Jason Guriel on Simon Callow and his new Orson Welles biography

 

ONE-MAN BAND, THE third installment in Simon Callow’s biography of Orson Welles, arrives nearly a decade after the last, 2007’s Hello Americans, and nearly twenty years after the first, 1997’s The Road to Xanadu. This isn’t unusual; multipart biographies tend to be the product of tectonic plates, their individual volumes mountaining up after much research, soul-searching, rumbling. But the dazzling entries in Callow’s life of Welles, which he began in 1989, are closer to comets, the sort that fanboys track and log. In other words, One-Man Band is a cultural event. It’s like getting a new installment of Star Wars, except better, and we already know what happens.

Or do we? The romantic view is that Welles was a prodigy who singlehandedly revolutionized whichever medium was at hand. After mastering theatre and radio in the 1930s, he addressed himself to motion pictures and immediately produced a masterpiece, Citizen Kane (1941). But Welles shorted out relationships almost as quickly as he electrified audiences. For the rest of his life, the writer-actor-director struggled to finance projects, and saw the work he did complete wrenched away and re-cut by a motley of producers, philistines, and other enemies of art. By the 1980s, his iconic baritone was reduced to supplying Hasbro’s Unicron with gravity.

[M]ultipart biographies tend to be the product of tectonic plates, their individual volumes mountaining up after much research, soul-searching, rumbling.
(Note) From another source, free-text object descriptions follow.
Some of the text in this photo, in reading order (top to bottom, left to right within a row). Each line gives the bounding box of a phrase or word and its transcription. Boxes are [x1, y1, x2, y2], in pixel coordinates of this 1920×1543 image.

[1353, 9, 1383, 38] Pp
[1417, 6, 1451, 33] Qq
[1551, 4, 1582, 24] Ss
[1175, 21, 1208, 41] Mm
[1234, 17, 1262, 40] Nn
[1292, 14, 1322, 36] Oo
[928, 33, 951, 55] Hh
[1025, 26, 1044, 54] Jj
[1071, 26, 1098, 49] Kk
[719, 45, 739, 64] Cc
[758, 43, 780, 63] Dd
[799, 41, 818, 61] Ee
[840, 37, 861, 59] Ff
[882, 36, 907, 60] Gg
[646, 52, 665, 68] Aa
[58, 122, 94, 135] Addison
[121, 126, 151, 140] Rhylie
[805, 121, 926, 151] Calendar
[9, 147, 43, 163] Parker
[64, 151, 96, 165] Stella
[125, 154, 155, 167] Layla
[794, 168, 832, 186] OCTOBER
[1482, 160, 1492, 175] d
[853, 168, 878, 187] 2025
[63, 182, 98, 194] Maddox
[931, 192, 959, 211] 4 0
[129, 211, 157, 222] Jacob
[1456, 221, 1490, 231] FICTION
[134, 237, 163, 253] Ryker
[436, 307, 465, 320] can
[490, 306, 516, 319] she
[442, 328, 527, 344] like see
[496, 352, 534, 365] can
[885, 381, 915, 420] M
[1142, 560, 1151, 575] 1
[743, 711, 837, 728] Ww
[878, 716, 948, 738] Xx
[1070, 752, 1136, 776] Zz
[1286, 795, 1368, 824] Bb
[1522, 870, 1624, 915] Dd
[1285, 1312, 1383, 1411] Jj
Callow’s biography, however, swabs away this layer of myth, thick as actors’ pancake. The first volume, which took us up to the release of Kane, complicated the view of Welles as a volcano in a vacuum, who churned up works of genius on his own. In fact, Welles was more like an inspired consolidator of other people’s ideas, with a flair for editing, lighting, and spectacle—and a fatal tendency to sudden restlessness. The second volume showed how Welles, far from a victim of the studios, often absented himself from his own productions at critical moments—usually the editing stage. “The student of Welles’ life feels like the audience of a melodrama,” writes Callow, as Welles begins to drift away from his 1948 adaptation of Macbeth. “‘Don’t go!’ one wants to cry. ‘Finish the film!’ But off our hero canters, oblivious to the destruction of all his dreams.” 

But Callow’s biography of Welles, which will include a fourth volume, does so much more than flush out facts. Callow himself is a celebrated director and character actor—no account of him can seem to resist recalling his memorable turn in Four Weddings and a Funeral—who has brought his experiences to a number of celebrated books. Callow, however, doesn’t simply recount performances and productions; he critiques them, too—and in a distinctive, witty prose style. Callow sometimes has harsh words for critics—it’s an actor thing—but he’s quietly become one of our finest interpreters of what can happen on a stage or screen.

 

Simon Callow. Photo courtesy of Wikimedia Commons.

“WHEN I WAS eighteen, I wrote Lawrence Olivier a letter.” So begins Callow’s 1984 memoir Being an Actor—and so began his acting career: writing. (“Language was always the starting point for me,” he later notes.) Amazingly, Olivier posted a response, encouraging the teenager to join the National Theatre company. Callow began in the archetypal mailroom, then graduated to the box office. His breakthrough, during a student play of his own devising, is so vividly reported it should be reproduced in course kits:

In all the anxiety over the show, worrying whether it was clear, whether everybody knew where to come on or go off, I had no time to think about my performance, no time to wonder about its effect on the group…. I just did it. Suddenly for the first time, I was acting. Not performing, or posturing, or puppeteering. I was being in another way.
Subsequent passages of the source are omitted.